Source records:
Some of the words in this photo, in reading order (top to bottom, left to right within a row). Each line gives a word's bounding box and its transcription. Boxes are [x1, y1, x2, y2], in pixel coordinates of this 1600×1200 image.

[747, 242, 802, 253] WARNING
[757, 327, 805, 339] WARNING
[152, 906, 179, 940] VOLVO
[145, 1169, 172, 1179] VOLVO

- **What you should do**
Write out every entry again exactly, please, with nothing missing.

- **Solution**
Some of the words in this photo, in reading order (top to bottom, left to right within a row). Each line gives a word's bounding box and its transcription. Boxes are [x1, y1, x2, y2], in pixel coordinates of this 1600×1200 image.

[747, 242, 802, 253] WARNING
[757, 327, 805, 339] WARNING
[152, 906, 179, 940] VOLVO
[145, 1169, 172, 1179] VOLVO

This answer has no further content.